Successful schools. There are lots of them. But perhaps that is the problem. The focus should not be on the schools but on the successful learners within them and what measures we use to determine that success.
Parents want the best for their children, often looking to provide opportunities they did not get themselves. They will go to considerable lengths to do so.
In our school we have many families who make sacrifices, often spending an entire second income to choose the best education that they can afford for their children.
When surveyed, our parents told us the most important reason for choosing our school was so we could develop their child's full potential. I suspect that is true of most parents and the aim of most schools.
Having spent most of my teaching career in state schools, I have the utmost respect for my colleagues and their boards of trustees who are required to lead complex organisations with impossibly short planning times, particularly with enrolments and, at critical times, without the necessary support of the government body that funds them.
Zoning is a hot topic. It comes into focus only when schools - or their learners - are seen to be underperforming and parents exercise their choice to send their child elsewhere.
Zoning, at best, is a clumsy instrument used to restrict parental choice, deny access to an education more suited to the learner - perhaps in a school other than their zoned one - and mask underperformance by directing enrolments to schools that have surplus capacity.
As a parent, I'm not left with the impression that the needs of the learner are a priority in that process. Schools that have a zone and still accept out-of-zone enrolments could be seen to be "protesting too much" when in-zone families leave the area and annulment of enrolment provisions are invoked.
People have a right to change their mind and live somewhere else. Legislation enacted to deny choice to both the individual and the school will always be subject to challenge.
Middle schools are in vogue at present. But middle schools, like intermediate schools, don't work in isolation. There is some sound research concerning schooling in the middle years, Year 7 to 10 in the modern era, Form 1 to 4 in the old language for most of us as parents.
The dislocation caused for so many learners by our present intermediate school model, particularly the huge variations in Year 9 entry levels from contributing schools, is a well-kept secret. Changing schools three times in three years at this age does not make good educational sense.
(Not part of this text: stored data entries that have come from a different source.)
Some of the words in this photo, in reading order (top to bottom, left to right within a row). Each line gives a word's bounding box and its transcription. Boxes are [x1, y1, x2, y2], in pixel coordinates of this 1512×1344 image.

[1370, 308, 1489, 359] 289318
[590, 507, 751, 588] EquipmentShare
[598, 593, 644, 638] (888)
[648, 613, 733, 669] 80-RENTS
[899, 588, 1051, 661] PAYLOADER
Middle schools work best when connected to primary schools (Years 1 to 6) as well as senior schools (Years 11 to 13) in the examination years; and although each school is autonomous in a physical sense, they share a pathway that develops the attitudes, values and strengths of the learner in a cohesive and connected way.
Middle schools are great for developing leadership in young people in their "forgotten years" as 13 and 14-year-olds.
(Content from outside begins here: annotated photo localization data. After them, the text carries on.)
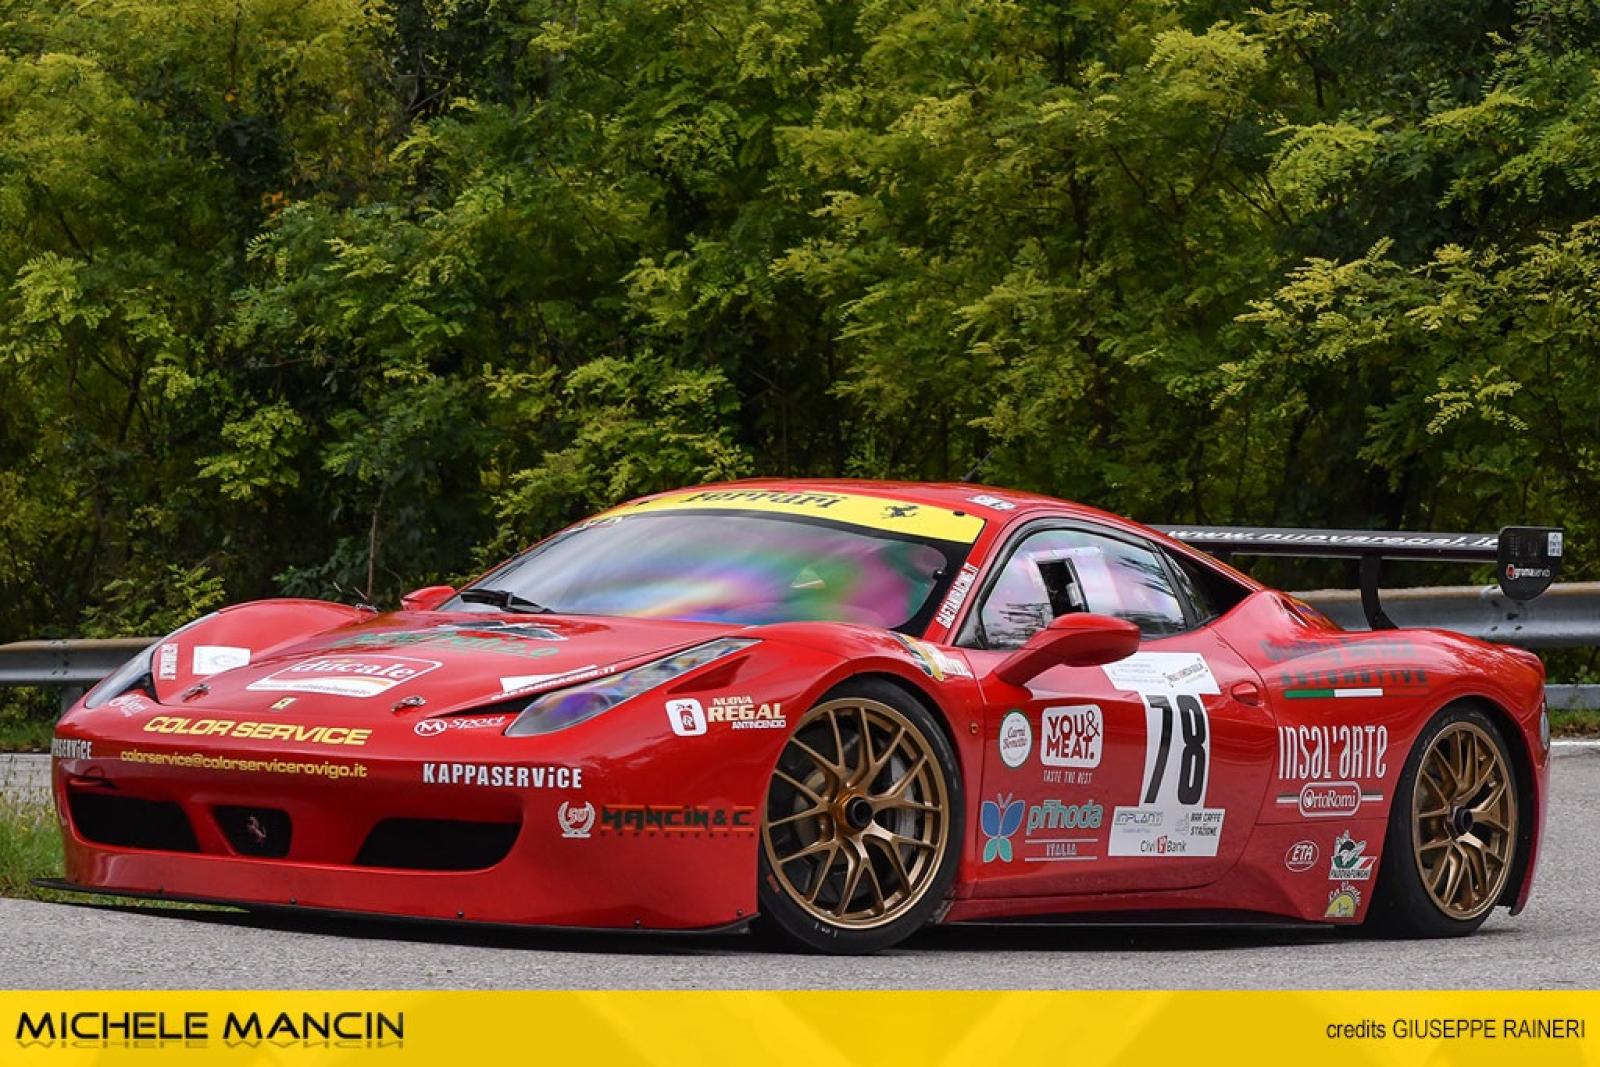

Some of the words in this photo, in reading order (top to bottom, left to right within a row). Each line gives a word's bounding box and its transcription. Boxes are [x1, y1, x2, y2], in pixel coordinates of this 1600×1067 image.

[678, 491, 847, 509] Ferrari
[713, 697, 753, 706] NUOVA
[707, 703, 787, 723] REGAL
[144, 716, 236, 737] COLOR
[231, 722, 373, 745] SERVICE
[1047, 711, 1100, 740] YOU&
[1046, 736, 1095, 760] MEAT.
[1144, 695, 1207, 805] 78
[121, 749, 368, 778] colorservice@colorservicerovigo.it
[1046, 843, 1078, 857] ITALIA
[1291, 844, 1313, 862] ETA
So what is wrong with our boys? Not much from where I stand. Boys learn differently from girls. They mature at different times and at different rates.
They like to read different books, they interact with technology in quite different ways - for example, the gaming thing is bigger for boys, the texting thing for girls.
The debate rages on about whether single-sex or co-ed schools are better. The answer is that there are great examples of every type of school.
I suggest that we are asking the wrong question.
When you put the learner and their needs first, you would create a learning environment that lets boys be boys and girls be girls. They would read the books that turned them on to language, literature, comprehension and grammar. They would work in classroom environments where they didn't feel embarrassed because they weren't able to express themselves as clearly as the girl down the row.
Single-sex classes seem to make a whole lot of sense for these years, when boys don't talk to girls anyway and girls think boys are smelly. Then, as the tumultuous years of puberty begin to pass, why not encourage them to listen to one another's opinions, prepare them for their young adult years beyond school, just as their developmental rates are beginning to even out.
A few years ago our college took the opportunity to do things a little differently. We have a middle school and a senior school on the same campus. Middle-school students enjoy a single-sex learning environment and then enjoy the benefits of their senior years being co-ed.
Our boys are doing considerably better than many of the statistics that we now read about. So are our girls. They also go on to be very successful learners in their tertiary years and good citizens in their chosen careers, a true measure of the success for any school.
Why is that? Some of their success can be attributed to good structures. A lot of it can be attributed to dedicated teachers who ensure our boys and girls are engaged in their learning, creating rich experiences for them that interest and motivate them.
A lot of it comes from parents who, having made the financial investment, are also prepared to make the emotional investment by taking an interest in their children's learning, not leaving their growing solely as the responsibility of the school.
Successful young people also need to play sport, as an individual or in a team, and to express themselves in the performing arts.
They need values and the right people to model those values for them. They need permission to find out who God is.
We call it educating the whole person and there is clear evidence that the recipe is the successful one that many parents are looking for.
As Norman La Rocque wrote on this page, the choice belongs to the rich. But it isn't really about money. Resources, or the lack of them, can too easily be used as an excuse.
The model of education that we have adopted could be available at any school. Sadly, many parents must pay twice for the quality we all deserve.
* Warren Peat is executive head of Saint Kentigern College.